Action item: Go through the lines below. Copy those with "clinic".

Available data:
::::
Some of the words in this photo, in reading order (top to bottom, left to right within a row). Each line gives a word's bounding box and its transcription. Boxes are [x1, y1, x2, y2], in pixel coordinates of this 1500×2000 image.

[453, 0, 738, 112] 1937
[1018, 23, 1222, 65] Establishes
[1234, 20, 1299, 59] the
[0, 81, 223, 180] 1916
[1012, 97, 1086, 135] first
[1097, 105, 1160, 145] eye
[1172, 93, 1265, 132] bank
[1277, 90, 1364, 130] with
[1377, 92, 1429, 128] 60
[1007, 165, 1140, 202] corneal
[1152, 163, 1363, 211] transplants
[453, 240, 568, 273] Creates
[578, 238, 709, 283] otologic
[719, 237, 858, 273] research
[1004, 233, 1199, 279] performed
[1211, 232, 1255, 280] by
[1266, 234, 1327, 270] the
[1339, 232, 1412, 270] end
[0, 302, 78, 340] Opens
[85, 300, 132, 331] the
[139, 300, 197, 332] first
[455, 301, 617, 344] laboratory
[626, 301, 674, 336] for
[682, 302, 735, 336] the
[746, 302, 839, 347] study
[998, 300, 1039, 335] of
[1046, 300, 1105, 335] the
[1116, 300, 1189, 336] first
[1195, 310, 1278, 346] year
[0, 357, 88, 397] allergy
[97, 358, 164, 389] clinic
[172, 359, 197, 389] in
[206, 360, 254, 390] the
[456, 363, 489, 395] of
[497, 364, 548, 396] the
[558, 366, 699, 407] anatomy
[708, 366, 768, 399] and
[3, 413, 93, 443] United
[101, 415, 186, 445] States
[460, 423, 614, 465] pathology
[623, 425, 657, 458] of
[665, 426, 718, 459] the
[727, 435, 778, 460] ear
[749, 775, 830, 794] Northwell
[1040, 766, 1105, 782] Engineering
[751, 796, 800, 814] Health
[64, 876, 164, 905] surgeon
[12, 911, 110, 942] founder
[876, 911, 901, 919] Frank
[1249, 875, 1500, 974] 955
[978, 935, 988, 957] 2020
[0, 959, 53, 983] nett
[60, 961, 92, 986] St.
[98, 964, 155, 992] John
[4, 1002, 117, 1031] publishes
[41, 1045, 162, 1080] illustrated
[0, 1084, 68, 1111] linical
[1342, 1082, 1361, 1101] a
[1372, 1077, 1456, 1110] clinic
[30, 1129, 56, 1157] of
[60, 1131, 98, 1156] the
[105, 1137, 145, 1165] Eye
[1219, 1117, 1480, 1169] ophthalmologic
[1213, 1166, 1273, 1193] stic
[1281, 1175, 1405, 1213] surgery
::::
Answer to this problem:
[97, 358, 164, 389] clinic
[1372, 1077, 1456, 1110] clinic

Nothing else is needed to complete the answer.